TASK OBJECTIVE:
The answer should be an exact copy of the lines from the one with "this 1280×1657 image." through the end of the listing below, with no other lines.

STORED DATA:

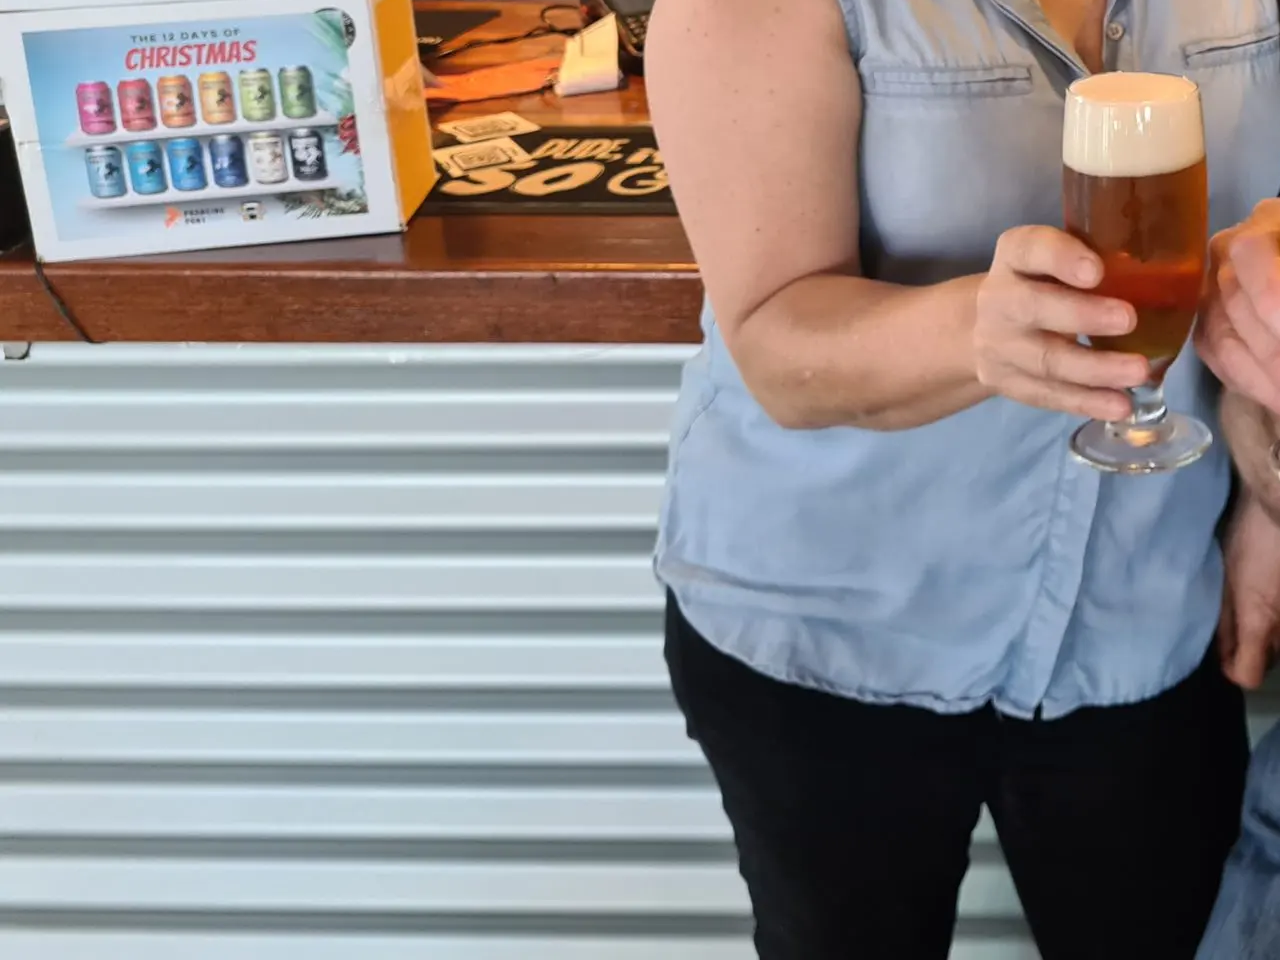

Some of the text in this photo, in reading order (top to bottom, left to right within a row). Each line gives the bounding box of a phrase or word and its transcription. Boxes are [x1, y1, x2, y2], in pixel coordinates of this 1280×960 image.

[130, 28, 240, 44] THE 12 DAYS OF
[124, 39, 257, 72] CHRISTMAS
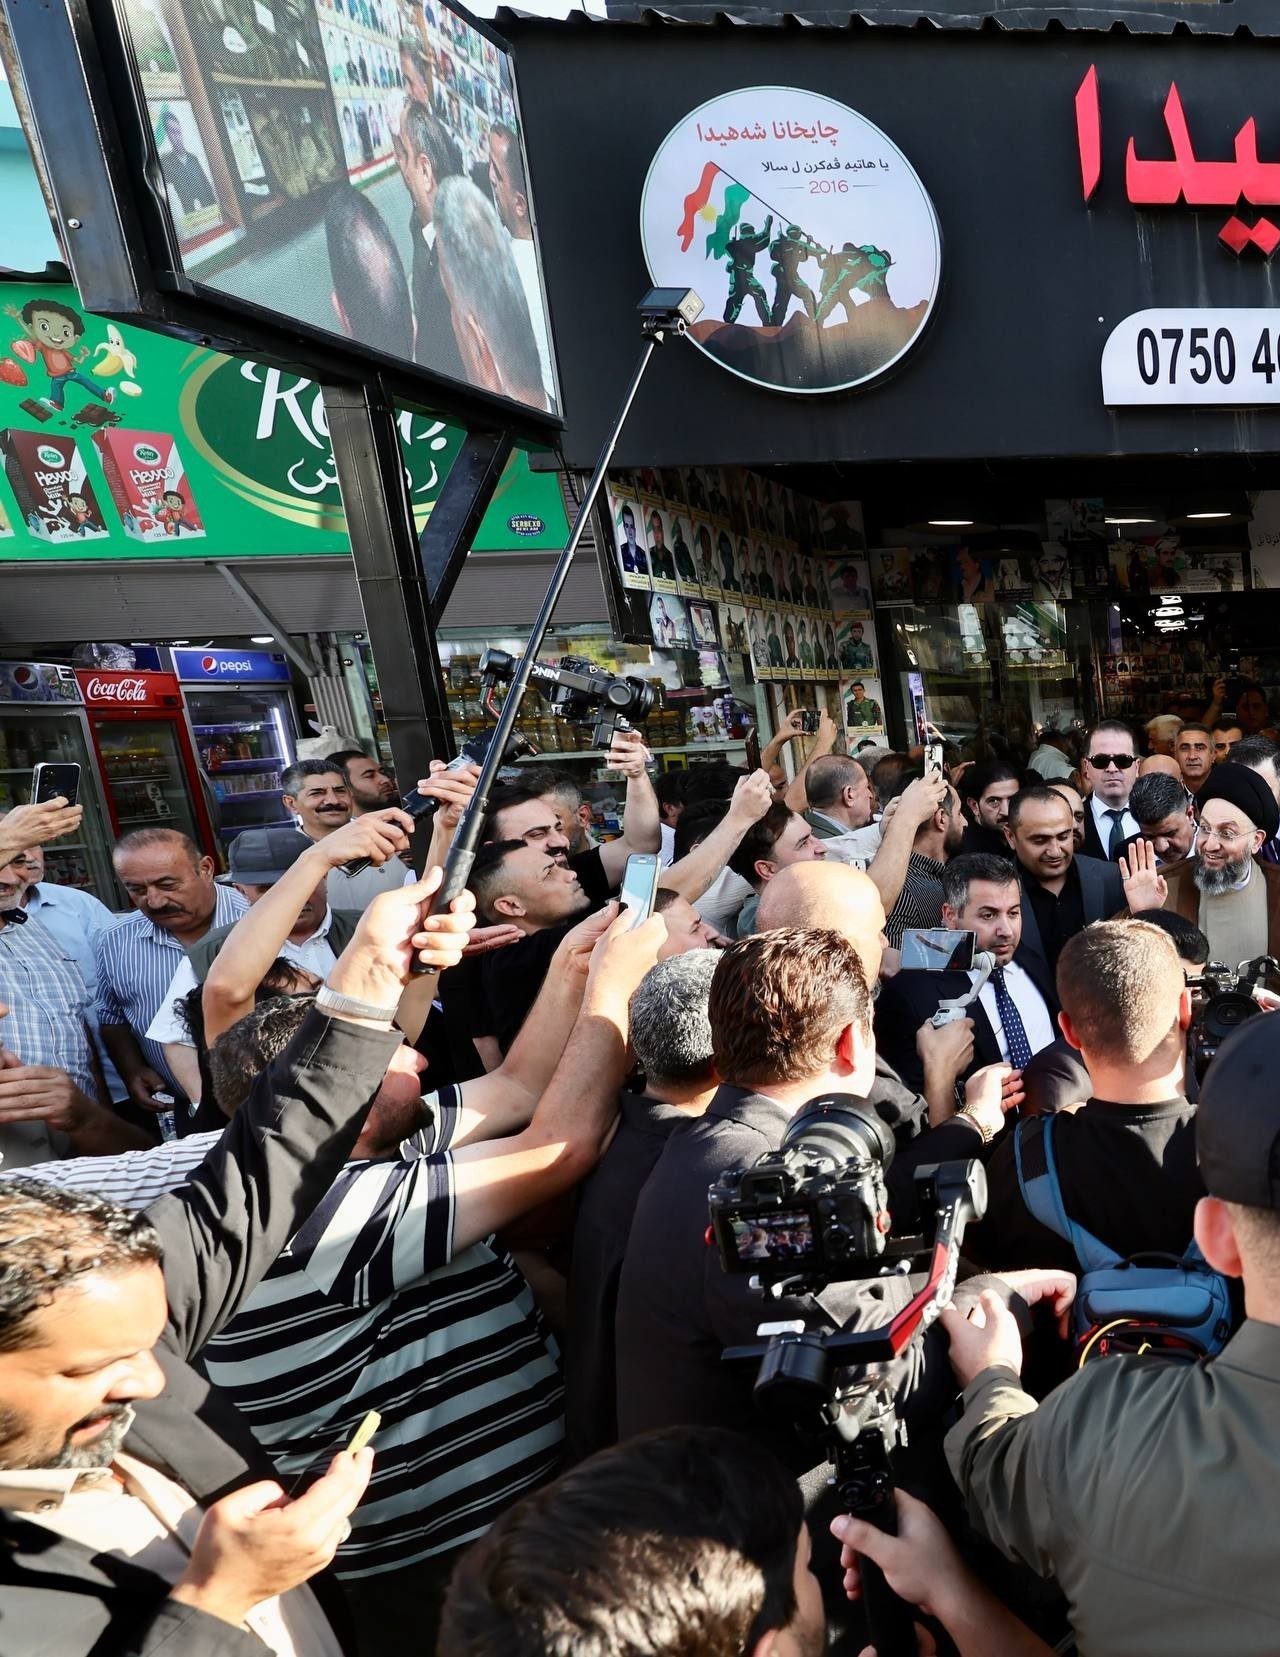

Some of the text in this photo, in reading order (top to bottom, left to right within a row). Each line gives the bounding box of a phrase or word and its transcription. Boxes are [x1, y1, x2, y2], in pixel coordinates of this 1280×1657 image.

[772, 120, 839, 146] چایخانا
[808, 180, 849, 194] 2016
[1136, 327, 1237, 385] 0750
[219, 659, 253, 674] pepsi

TASK RESPONSE:
Some of the text in this photo, in reading order (top to bottom, left to right within a row). Each line gives the bounding box of a phrase or word and its transcription. Boxes are [x1, y1, x2, y2], in pixel coordinates of this 1280×1657 image.

[772, 120, 839, 146] چایخانا
[808, 180, 849, 194] 2016
[1136, 327, 1237, 385] 0750
[219, 659, 253, 674] pepsi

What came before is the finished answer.